(4kk) Engineering Catalysts through Machine Learning, Experimental, and Density Functional Theory Methods for Sustainable Energy Applications

Leveraging and advancing machine learning, experimental and density functional theory methods to 1) investigate the oxygen binding properties and collective catalytic behaviors of metal ions in oxides and nitrides; 2) engineer for applications in the hydrogen industry, including electrolyzers and fuel cells, and extending to energy storage technologies such as supercapacitors and batteries.

Teaching Interests:

Holding both Bachelor's and Ph.D. degrees in Chemical Engineering, I feel confident and capable of teaching core chemical engineering courses at both undergraduate and graduate levels. Additionally, I am interested in teaching courses that align with and reflect my interdisciplinary research interests, including soft matter and interfacial phenomena, physical chemistry, machine learning for chemistry as well as data-driven catalyst design and polymer science.

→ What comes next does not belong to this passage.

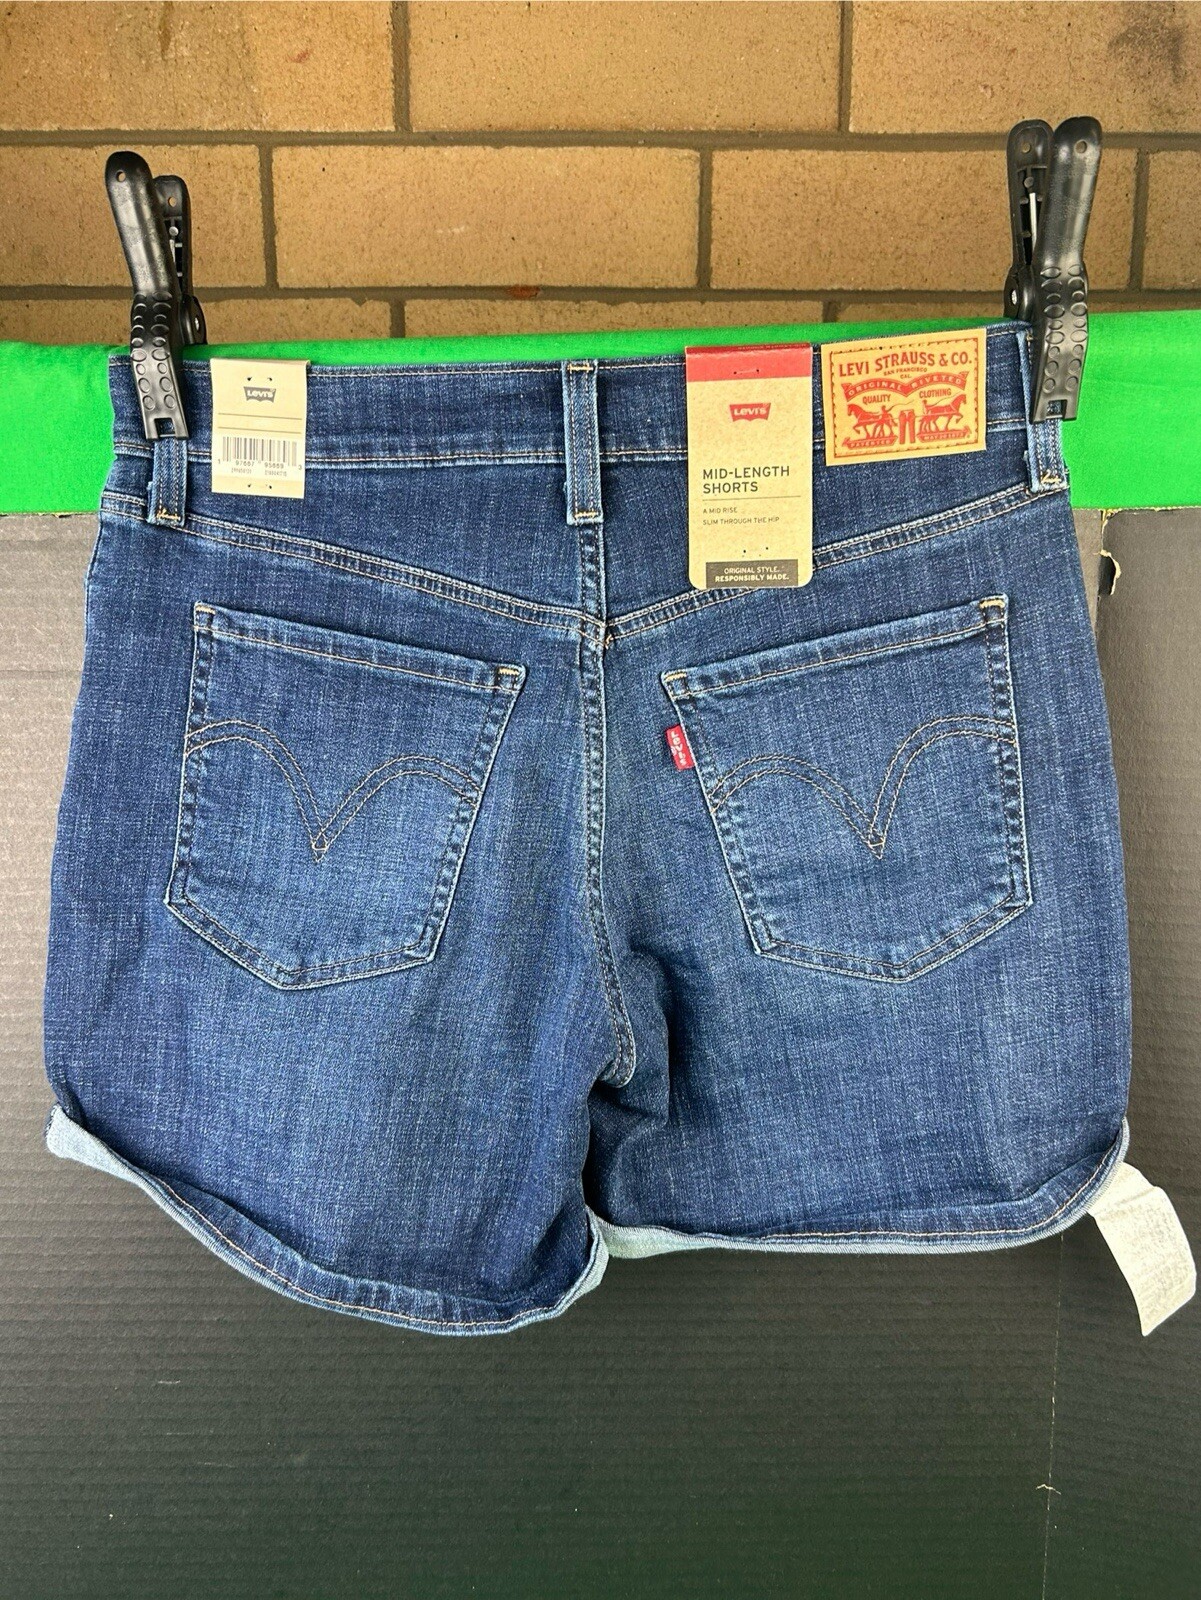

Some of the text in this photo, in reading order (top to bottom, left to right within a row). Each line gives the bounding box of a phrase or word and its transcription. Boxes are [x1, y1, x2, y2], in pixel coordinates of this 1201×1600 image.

Climate change poses a global existential challenge, necessitating a significant shift from fossil fuels to sustainable energy sources such as green hydrogen, derived from renewable resources, to decarbonize transportation and various industries. This talk will illustrate how a chemical engineering approach advances catalyst design for fuel cells and electrolyzers ultimately based on green hydrogen. My presentation will cover two critical aspects: compositional design and manufacturing processes. Initially, I will focus on integrating machine learning with density functional theory to model the catalytic performance of transition metal ions in oxides, including binding properties, resulting from complex interactions. This effort includes validating our models through experimental measurements. Subsequently, I will employ machine learning and optimization techniques to enhance the generation of metal oxides via colloidal synthesis.